Frederick Douglass (1818-1895) was born into slavery in Maryland. He escaped slavery as a young man, and became the most prominent black abolitionist of his time. He is one of the most important figures in African-American history, and was a powerful orator. He was a firm believer in the equality of all people and often said, “I would unite with anybody to do right and with nobody to do wrong.” In this selection from his autobiography (pages 82-84), Douglass declares that it was faith that enabled him to endure the sufferings of slavery, and it was faith that gave him the hope that he would someday be free. He was an ordained minister of the African Methodist Episcopal Church.
Previously to my contemplation of the anti-slavery movement, my mind had been seriously awakened to the subject of religion. I was not more than thirteen years old, when in my loneliness and destitution I longed for some one to whom I could go, as to a father and protector. The preaching of a white Methodist minister, named Hanson, was the means of causing me to feel that in God I had such a friend. He thought that all men, great and small, bond and free, were sinners in the sight of God: that they were by nature rebels against His government; and that they must repent of their sins, and be reconciled to God through Christ. I cannot say that I had a very distinct notion of what was required of me, but one thing I did know well: I was wretched and had no means of making myself otherwise.
I consulted a good old colored man named Charles Lawson, and in tones of holy affection he told me to pray, and to “cast all my care upon God.” This I sought to do; and though for weeks I was a poor, broken-hearted mourner, traveling through doubts and fears, I finally found my burden lightened, and my heart relieved. I loved all mankind, slaveholders not excepted, though I abhorred slavery more than ever. I saw the world in a new light, and my great concern was to have everybody converted. My desire to learn increased, and especially, did I want a thorough acquaintance with the contents of the Bible. I have gathered scattered pages of the Bible from the filthy street-gutters, and washed and dried them, that in moments of leisure I might get a word or two of wisdom from them.
While thus religiously seeking knowledge, I continued my acquaintance with Lawson. This man not only prayed three times a day, but he prayed as he walked through the streets, at his work, on his dray– everywhere. His life was a life of prayer, and his words when he spoke to any one, were about a better world. Uncle Lawson lived near Master Hugh’s house, and becoming deeply attached to him, I went often with him to prayer-meeting, and spent much of my leisure time with him on Sunday. The old man could read a little, and I was a great help to him in making out the hard words, for I was a better reader than he. I could teach him “the letter,” but he could teach me “the spirit,” and refreshing times we had together, in singing and praying. These meetings went on for a long time without the knowledge of Master Hugh or my mistress. Both knew, however, that I had become religious, and seemed to respect my conscientious piety.

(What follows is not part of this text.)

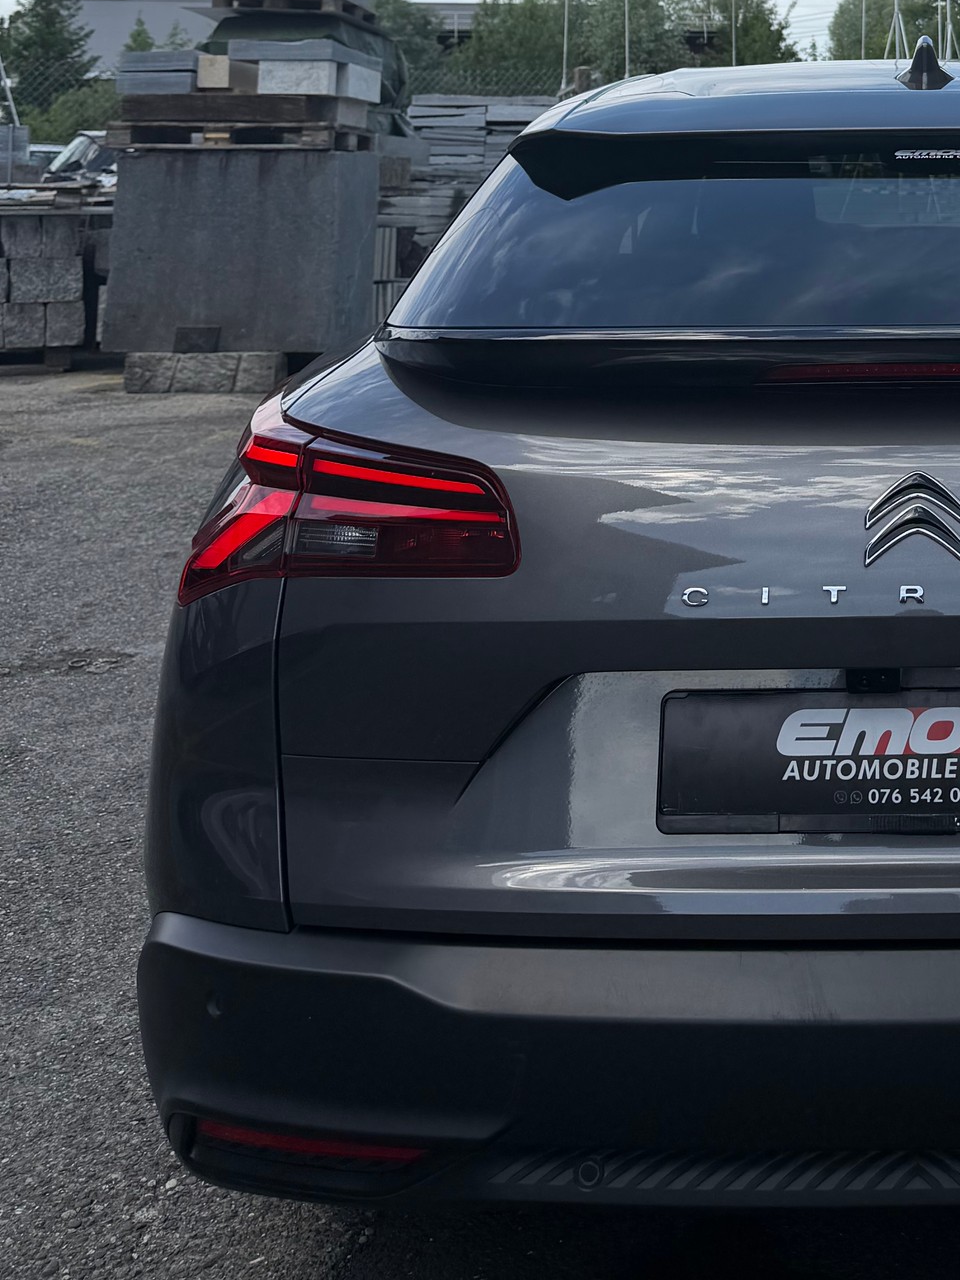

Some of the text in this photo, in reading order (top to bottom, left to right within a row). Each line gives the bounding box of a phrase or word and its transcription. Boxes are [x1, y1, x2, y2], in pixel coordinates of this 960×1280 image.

[782, 758, 958, 781] AUTOMOBILE
[867, 788, 902, 804] 076
[909, 787, 943, 803] 542

…Uncle Lawson was my spiritual father and I loved him intensely, and was at his house every chance I could get… The good old man had told me that the “Lord had a great work for me to do,” and I must prepare to do it; that he had been shown that I must preach the gospel. His words made a very deep impression upon me, and I verily felt that some such work was before me, though I could not see how I could ever engage in its performance. “The good Lord would bring it to pass in his own good time,” he said, and that I must go on reading and studying the scriptures. This advice and these suggestions were not without their influence on my character and destiny. He fanned my already intense love of knowledge into a flame by assuring me that I was to be a useful man in the world. When I would say to him, “How can these things be? and what can I do?” his simple reply, was, “Trust in the Lord.” When I would tell him, “I am a slave, and a slave for life, how can I do anything?” he would quietly answer, “The Lord can make you free, my dear; all things are possible with Him; only have faith in God. ‘Ask, and it shall be given you.’ If you want liberty, ask the Lord for it in FAITH, and he will give it to you.”
Thus assured and thus cheered on under the inspiration of hope, I worked and prayed with a light heart, believing that my life was under the guidance of a wisdom higher than my own. With all other blessings sought at the mercy seat, I always prayed that God would, of his great mercy and in his own good time, deliver me from my bondage.
I Peter 5:6-7 — Humble yourselves, therefore, under God’s mighty hand, that he may lift you up in due time. Cast all your anxiety on him because he cares for you.
Luke 11:9-10 — (Jesus said), “So I say to you: Ask and it will be given to you; seek and you will find; knock and the door will be opened to you. For everyone who asks receives; he who seeks finds; and to him who knocks, the door will be opened.”
John 8:36 — So if the Son sets you free, you will be free indeed.
“I prayed for freedom for twenty years, but received no answer until I prayed with my legs.”
Frederick Douglass’s Prayer for Freedom:
O, why was I born a man, of whom to make a brute!… O God, save me! God, deliver me! Let me be free! Is there any God? Why am I a slave? I will run away. I will not stand it. Get caught, or get clear, I’ll try it… I have only one life to lose. I had as well be killed running as die standing. Only think of it; 100 miles straight north, and I am free! Try it? Yes! God is helping me, and I will. It cannot be that I shall live and die a slave.